Vous connaissez Google Ad Grants ? Non ? Renseignez-vous, ça pourrait vous intéresser. Google, comme toutes les multinationales aime travailler son image et s’engager. C’est dans cette optique que le géant Américain à créé Google Ad Grants. Un programme visant à offrir jusqu’à 10 000 dollars d’e-publicité par mois pour les associations. Vous me direz, vous n’êtes pas une association. Oui mais voilà. Si nous couplons l’Inbound Marketing au Growth Hacking voilà ce que ça peut donner.

Créez une association portant le projet de valoriser votre secteur d’activité. Jusqu’ici rien de bien méchant. Développez un blog avec des articles de fond, ainsi qu’une ligne éditoriale spécifique. Dans les faits, cela vous permettra déjà de capter une audience qualifiée pour votre entreprise. C’est une méthode d’inbound marketing assez connue. Demandez ensuite les subventions Google Ad Grants. Vous aurez ainsi jusqu’à 10 000 dollars par mois d’e-publicité gratuite. Cela vous permettra de faire venir un trafic qualifié qui fera grossir votre base de données prospects. Petite cerise sur le gâteau ? Faire du remarketing sur l’audience de votre blog avec un message de votre entreprise.

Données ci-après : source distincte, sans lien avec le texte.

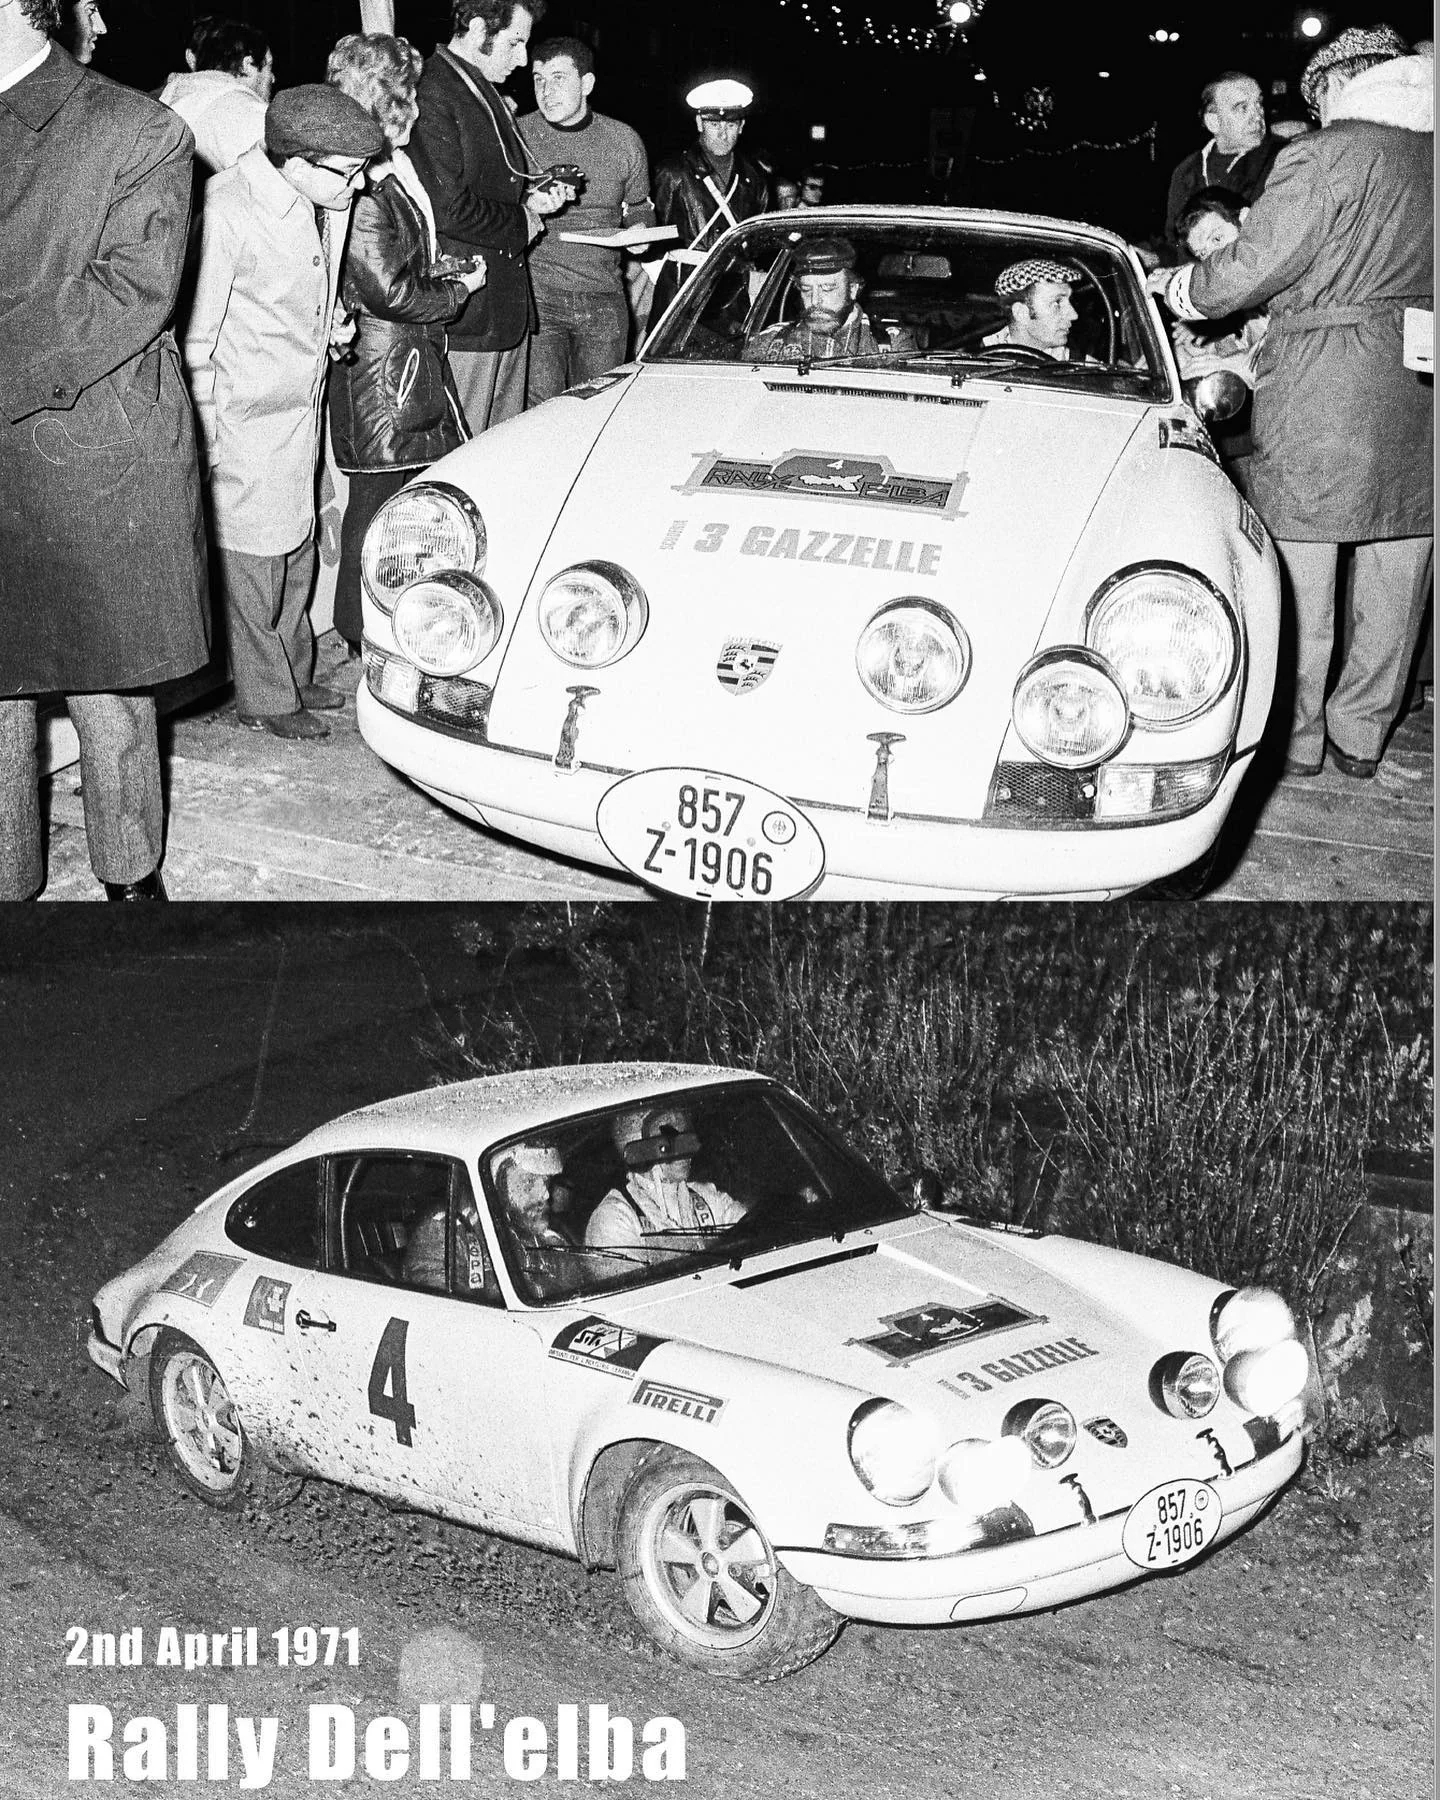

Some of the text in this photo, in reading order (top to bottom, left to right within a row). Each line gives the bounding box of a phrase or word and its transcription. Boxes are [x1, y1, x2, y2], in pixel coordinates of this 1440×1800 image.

Utilisez Wikipedia comme source de Netlinking

Le netlinking est une tâche de fond qui demande énormément de travail. Mais voici une petite technique de growth hacking qui peut vous permettre de récupérer des liens facilement. Notamment grâce à Wikipedia. Avec le temps, la plateforme a su créer des millions de pages et de liens. Mais avec le temps, et la suppression de pages, cela a donné des liens morts. Le hack consiste à récupérer ces liens pour votre site web. Dans les faits, recherchez les liens morts. Pour cela, rendez-vous sur Google et taper la requête site : wikipedia.org « mot-clé » + « lien mort ». Regroupez les liens morts qui vous intéressent par mot-clé. Utilisez un outil tel qu’Ahref pour vérifier les liens et domaines pointant vers ces liens morts. Proposez ensuite votre lien de remplacement sur Wikipedia. Vous pouvez aller encore plus loin en proposant aussi au propriétaire des sites votre lien de remplacement.

Pour conclure sur le growth hacking

Contrairement à ce que l’on peut lire, le growth hacking n’est pas lié au hack du siècle. C’est une méthode de croissance commerciale. Elle se pilote en fonction de la matrice AARRR est demande beaucoup de compétence analytics. C’est pourquoi les profils sont difficiles à recruter.